[INSTRUCTIONS FOR THE TASK]:
Could every line below be transcribed exactly, with the pictures dropped?

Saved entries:

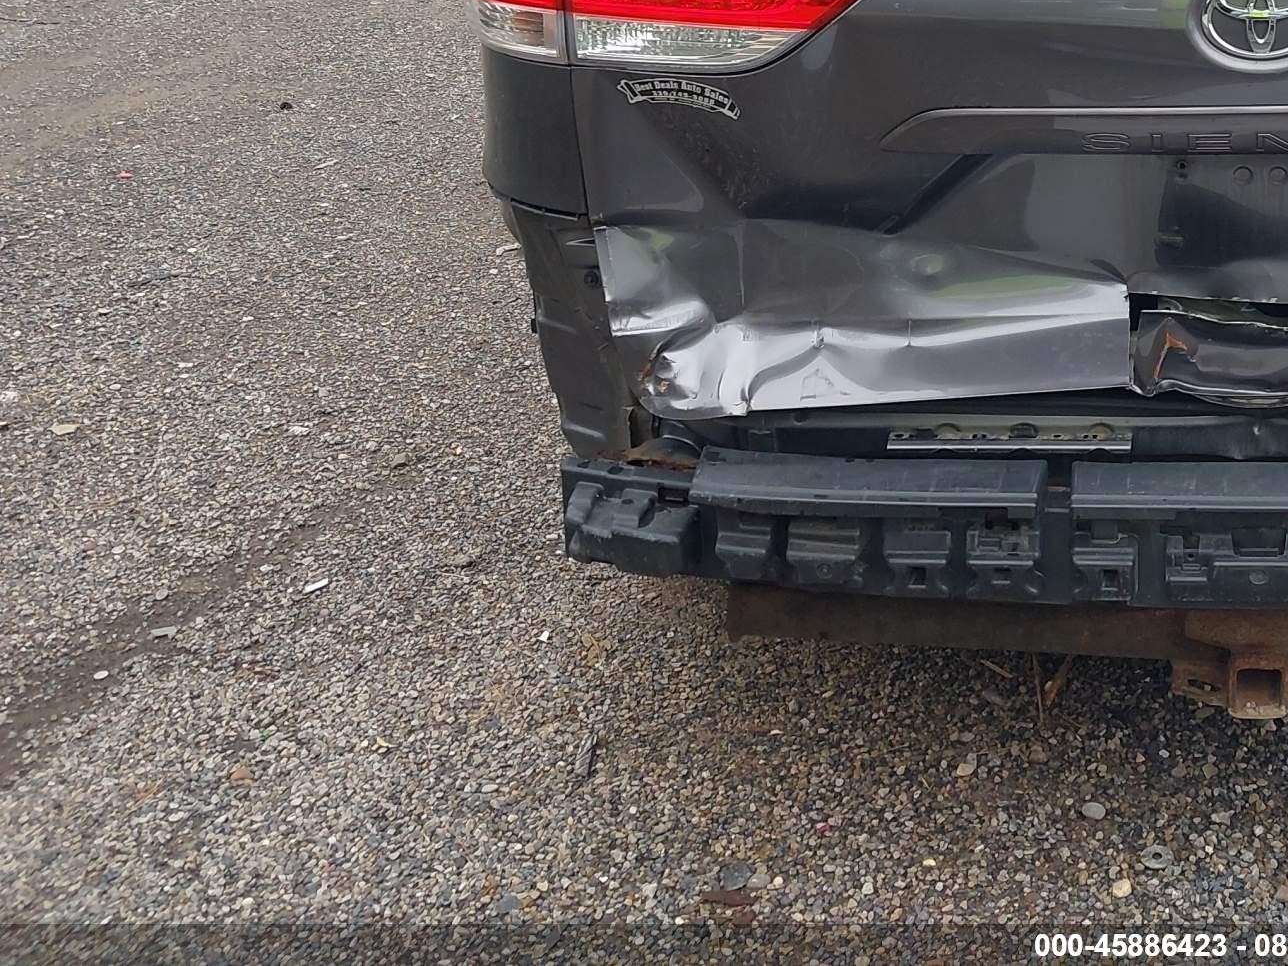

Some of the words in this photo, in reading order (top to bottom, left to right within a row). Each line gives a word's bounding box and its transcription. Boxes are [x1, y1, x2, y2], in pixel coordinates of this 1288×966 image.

[634, 82, 654, 93] Best
[654, 81, 679, 90] Deals
[681, 81, 702, 94] Auto
[704, 87, 729, 104] Sales

[TASK SOLUTION]:
Some of the words in this photo, in reading order (top to bottom, left to right within a row). Each line gives a word's bounding box and its transcription. Boxes are [x1, y1, x2, y2], in pixel coordinates of this 1288×966 image.

[634, 82, 654, 93] Best
[654, 81, 679, 90] Deals
[681, 81, 702, 94] Auto
[704, 87, 729, 104] Sales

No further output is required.